Radford Neal (University of Toronto) reviewed some of the optimizations to the R interpreter that he has included in Pretty quick R (pqR), his fork of the R-2.15.0 code base that includes many optimizations. Some of these optimizations are described in more detail in his blog. In particular, deferred evaluation and task merging are also used in alternative R implementations Riposte and Renjin (see below). Notably, pqR already includes full reference counting.

Thomas Kalibera talked about changes to the R byte code compiler that can improve performance without changing R semantics. He has been working with Luke Tierney to incorporate these changes into R.

Of course, optimization requires performance analysis.
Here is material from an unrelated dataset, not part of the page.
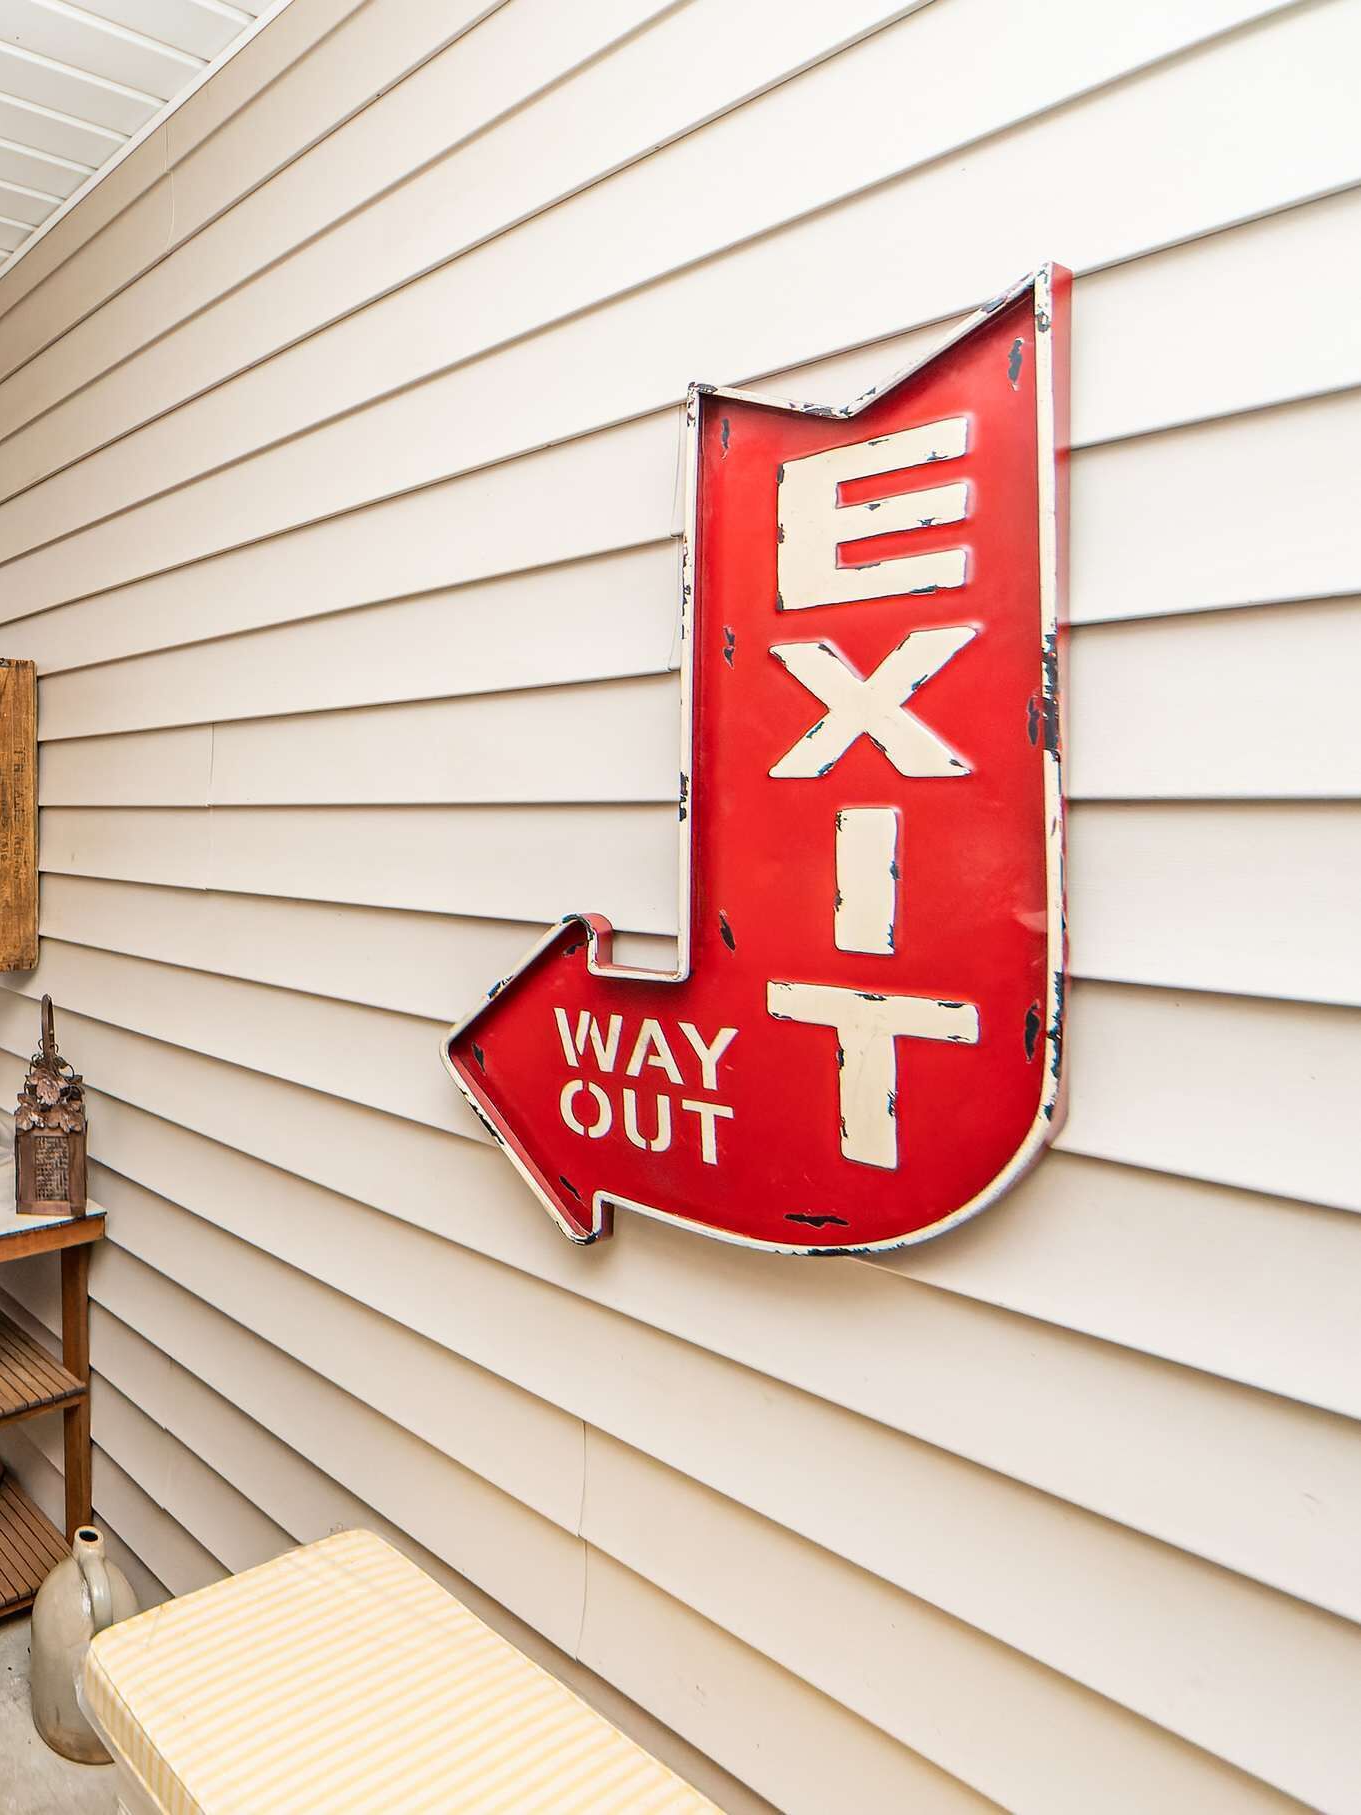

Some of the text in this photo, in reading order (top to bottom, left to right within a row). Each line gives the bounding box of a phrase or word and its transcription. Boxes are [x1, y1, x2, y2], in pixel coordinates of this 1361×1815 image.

[766, 414, 981, 1171] EXIT
[553, 1007, 740, 1091] WAY
[559, 1079, 735, 1166] OUT
Helena Kotthaus (Technical University of Dortmund) presented a suite of R-based facilities for performance analysis, including an instrumented version of R and a set of benchmarks.  They can all be found in the allr github repository.

In addition to these efforts to improve R, there are several alternate implementations written from scratch. Most of these were well represented at the meeting.

  • Michael Haupt presented FastR, an re-implementation of R in Java, built on top of the Truffle interpreter and the Graal byte compiler.  FastR is a collaboration between Purdue University, Johannes Kepler University Linz, and Oracle Labs.
  • Alexander Bertram (BeDataDriven) presented Renjin another open source R interpreter that runs on the JVM.
  • Justin Talbot (Tableau Software) presented Riposte, a fast interpreter and Just-In-Time (JIT) compiler for R written in C++.

Two further R implementations that were not specifically presented at the meeting should also be mentioned here:

  • CXXR is a refactorization of the R code base by Andrew Runnalls (University of Kent). It replaces parts of the R interpreter written in C with C++ code. Andrew Runnalls was not present at the meeting.
  • TIBCO Enterprise Runtime for R (TERR) is a clean room re-implementation of R. This is the only closed source R implementation. Bill Dunlap from TIBCO was an active participant in the meeting but did not give a presentation. However, a presentation on TERR vs R performance concentrating on memory management issues was given by Michael Sannella (TIBCO) at last year’s UseR! conference, and is available here.

Jan Vitek (Purdue Universtiy) gave a nice overview of these R implementations and the problems they face. One of the key issues is the lack of formal specification of the R language. In other words, there is no document that formally sets out what is allowed, what is not allowed and what is undefined behaviour. The only way to test whether you have a correct re-implementation is to try to run code that also runs on R.  The prize here is to be able to run the 5709 R packages on CRAN  without modification, but many of the re-implementations fall short of this goal.

As Robert Gentleman noted in summing up, we now have a “language community” of computer scientists interested in R in addition to the R user and developer communities.